Using these prices, estimated revenues for the Seventh District states’ 2024 harvest would be down 6.3% for corn and 14% for soybeans from their 2023 levels.
Livestock
“In contrast, prices for livestock products were much higher at the end of 2024 than at the start of the year. In December 2024, the index of prices for livestock and associated products was up 33% from 2023; the prices for cattle, hogs and milk were up 10%, 18%, and 14% from a year earlier, respectively,” Oppedahl said.
“Moreover, given ongoing impacts from avian influenza, egg prices were up 132% from the year prior, though these prices were down 4% from two years ago.
“According to the USDA’s February assessment for 2024, net farm income for the nation was projected to decline by 5.6% (or $8.2 billion) from 2023 despite lower input costs, mostly because of inventory adjustments and lower government payments.
“The dip in farm cash receipts from 2023 was minor given that the drop in cash receipts for crops was almost entirely offset by an increase in cash receipts for animals and their products.”
Nationally, 2024 real net farm income, though down from 2023, remained above its 2020 level.
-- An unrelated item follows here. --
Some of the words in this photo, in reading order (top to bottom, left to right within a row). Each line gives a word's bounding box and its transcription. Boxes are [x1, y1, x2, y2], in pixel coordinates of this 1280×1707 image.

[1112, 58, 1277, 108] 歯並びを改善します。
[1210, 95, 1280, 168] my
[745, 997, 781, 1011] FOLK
The district’s heavier reliance on corn and soybean revenues created tighter profit margins for lots of farms in the region.
Credit Conditions
District agricultural credit conditions continued to exhibit signs of deterioration during the fourth quarter of 2024.
In the final quarter of 2024, repayment rates for non-real estate farm loans were sharply lower than a year ago, plus loan renewals and extensions were noticeably higher than a year earlier.
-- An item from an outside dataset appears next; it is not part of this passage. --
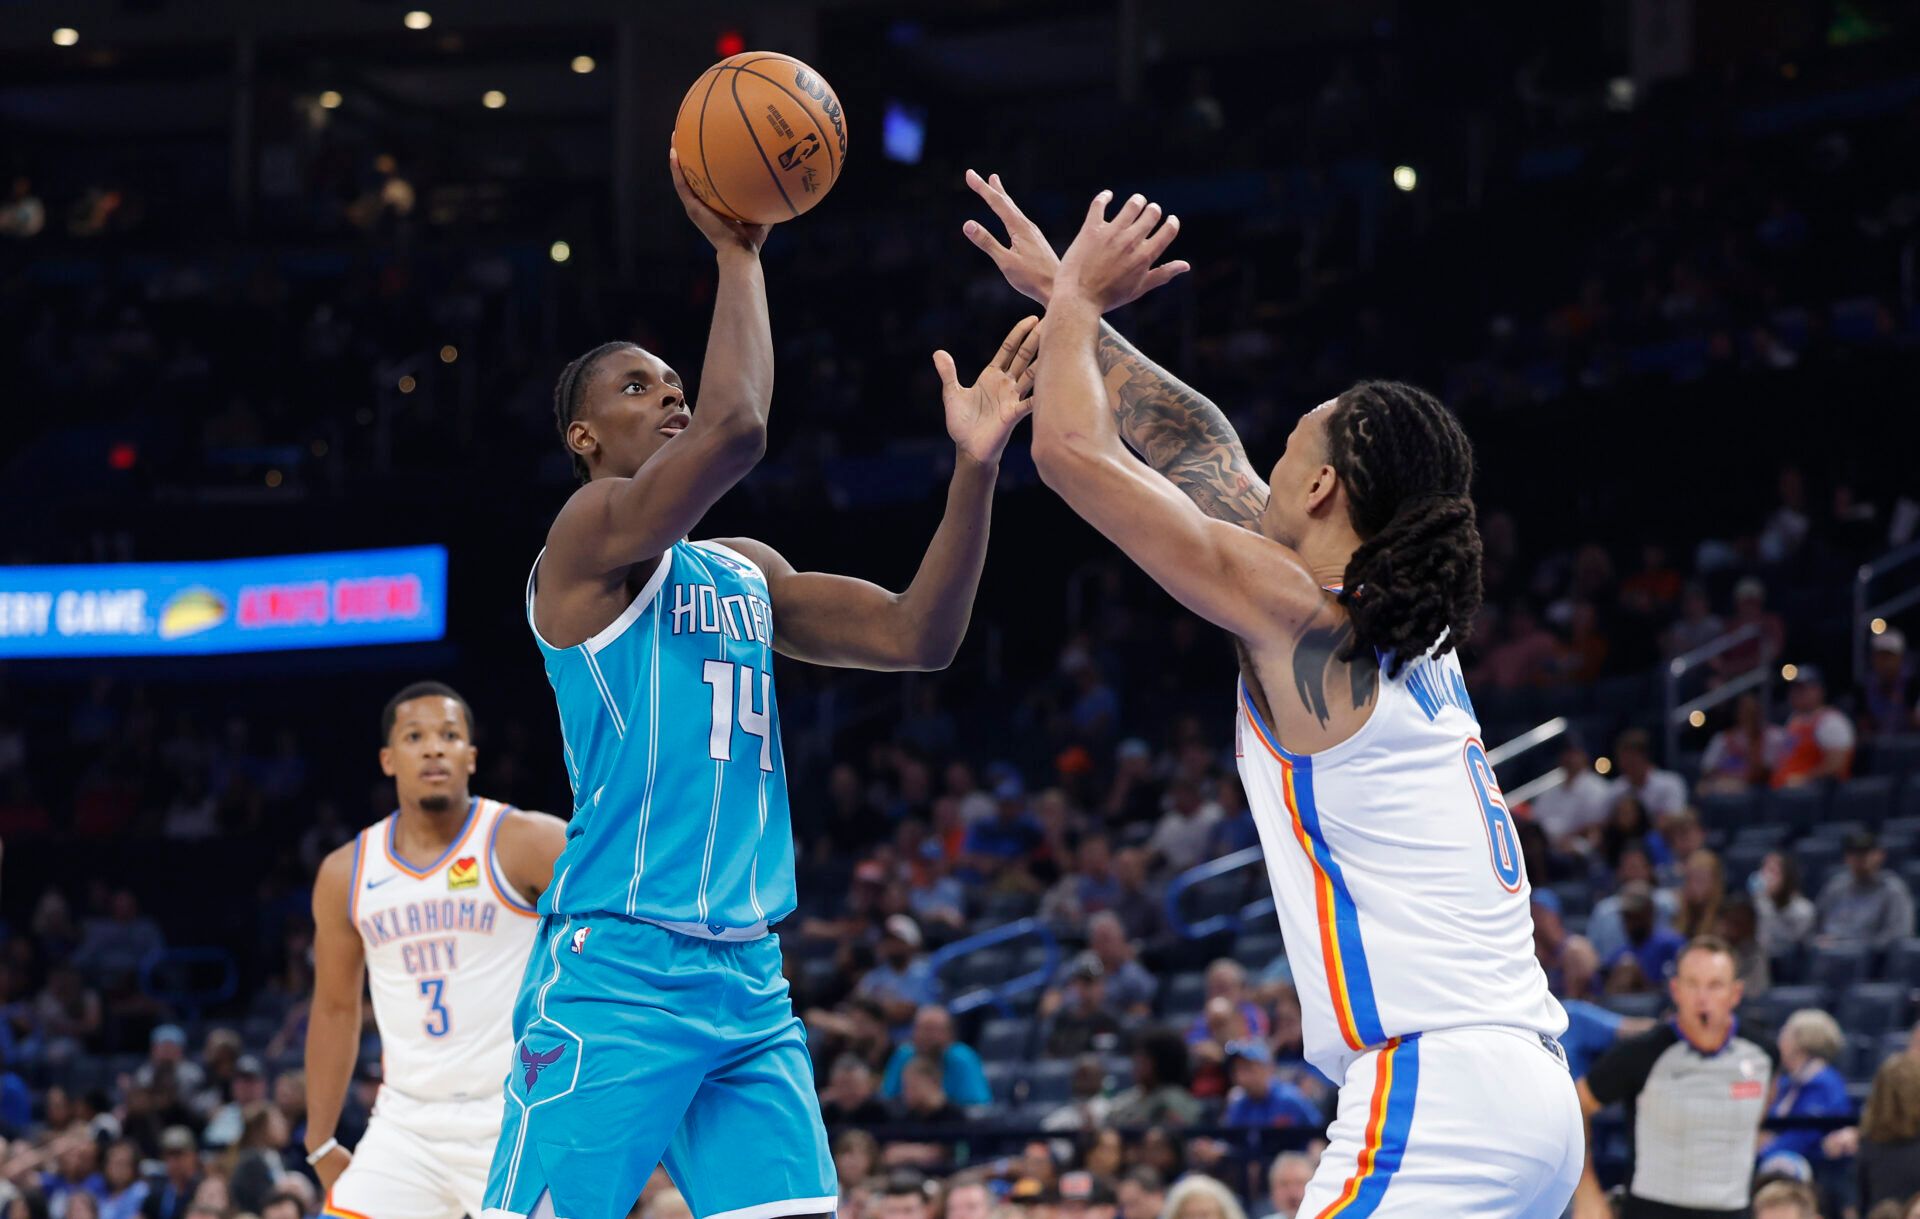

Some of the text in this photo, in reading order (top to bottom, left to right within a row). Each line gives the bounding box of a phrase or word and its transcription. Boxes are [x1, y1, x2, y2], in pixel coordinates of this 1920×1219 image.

The survey found 1.7% of agricultural borrowers were not likely to qualify for operating credit at the survey respondents’ banks in 2025 after qualifying in the previous year.
Non-real-estate farm loan demand relative to a year ago was up for the fifth quarter in a row. For the seventh time in a row, there were fewer funds available for lending than in the same quarter of the prior year at survey respondents’ banks.
The average loan-to-deposit ratio for the Seventh District moved up to 76.7% in the fourth quarter of 2024.
At the end of 2024, the district’s average nominal interest rates on farm operating and feeder cattle loans were somewhat lower than at the end of the third quarter of last year, while its average nominal interest rate on farm real estate loans was unchanged.
Average real interest rates for all three kinds of loans tracked by the survey were at their lowest levels since the third quarter of 2023.
Looking Forward
There were fewer responding bankers, just 4%, who projected agricultural land values to go up in the first quarter of 2025 than those, or 26%, who predicted them to go down.
“With that said, there seemed to be some transactions for farmland in places at much higher prices than for similar ground elsewhere; an Illinois respondent attributed this phenomenon to ‘strong competition among neighbors buying with cash on hand,’” Oppedahl said.
“Thus, there will likely be marked variability in sales prices for specific parcels. But again, on average, district farmland values were expected to be relatively flat or moving slightly downward in the first quarter of 2025, as they had been prior to the pandemic.”